Making the rounds in some less-reputable UK outlets is a story based on a new study that shows (according to deniers) why climate models "should never have been trusted in the first place." The Register headline shouts: "MASSIVE GLOBAL COOLING process discovered as Paris climate deal looms."
Carbon Brieffact-checked the coverage and actually spoke with the researchers, who had a slightly different interpretation. Unsurprisingly, they affirmed that the study "definitively does not question climate change."
The study finds that the top tenth of a millimeter of the ocean interacts with the atmosphere to create isoprene, a substance that mixes in the atmosphere to form aerosols. Aerosols are known to have a cooling effect on the climate, so the coverage is correct to the extent that it says the oceans are producing a little more cooling. Overall, however, warming effects are still much larger than cooling effects. The study only indicates that we have discovered a previously unknown cooling mechanism. It doesn't change the overall temperature trend. The amount of cooling hasn't changed over time, meaning the study has no bearing on the accuracy of climate models.

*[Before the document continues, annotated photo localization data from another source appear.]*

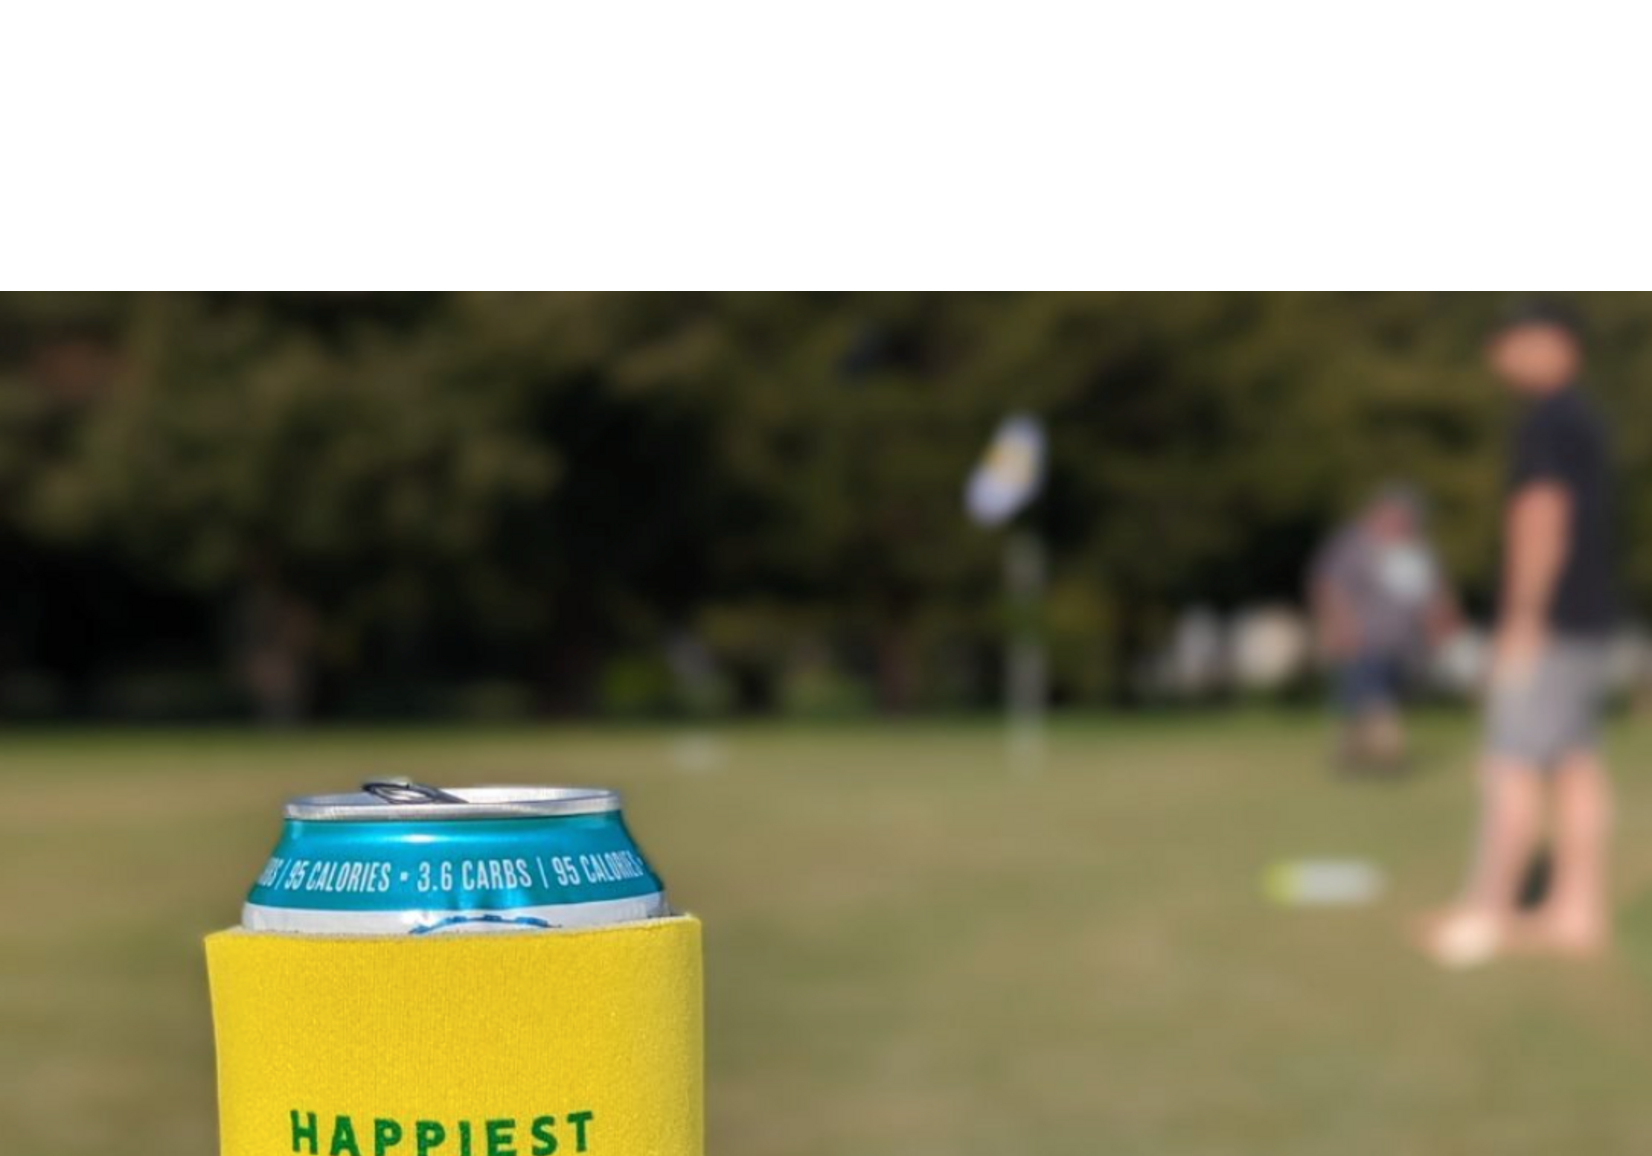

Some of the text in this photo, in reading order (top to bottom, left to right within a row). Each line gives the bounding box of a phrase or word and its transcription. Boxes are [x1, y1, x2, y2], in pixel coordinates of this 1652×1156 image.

[284, 859, 309, 891] 95
[305, 860, 392, 892] CALORIES
[417, 861, 452, 892] 3.6
[461, 858, 532, 891] CARBS
[551, 856, 581, 886] 95

University of Leeds Professor Piers Forster, who wasn't involved in the study, told Carbon Brief that these denier allegations are "so far from the mark as to be quite crazy." The study's co-author said the articles "misinterpret to an alarming extent" and there is "no question that the global climate will become warmer."
If only the UK outlets had done their due diligence and actually spoken with the study's authors, they could have ended up with an accurate story. Instead, they went to Benny Peiser of the Global Warming Policy Foundation, the group forced to spin off a political lobby group after being found guilty of "blurring fact and comment on climate change."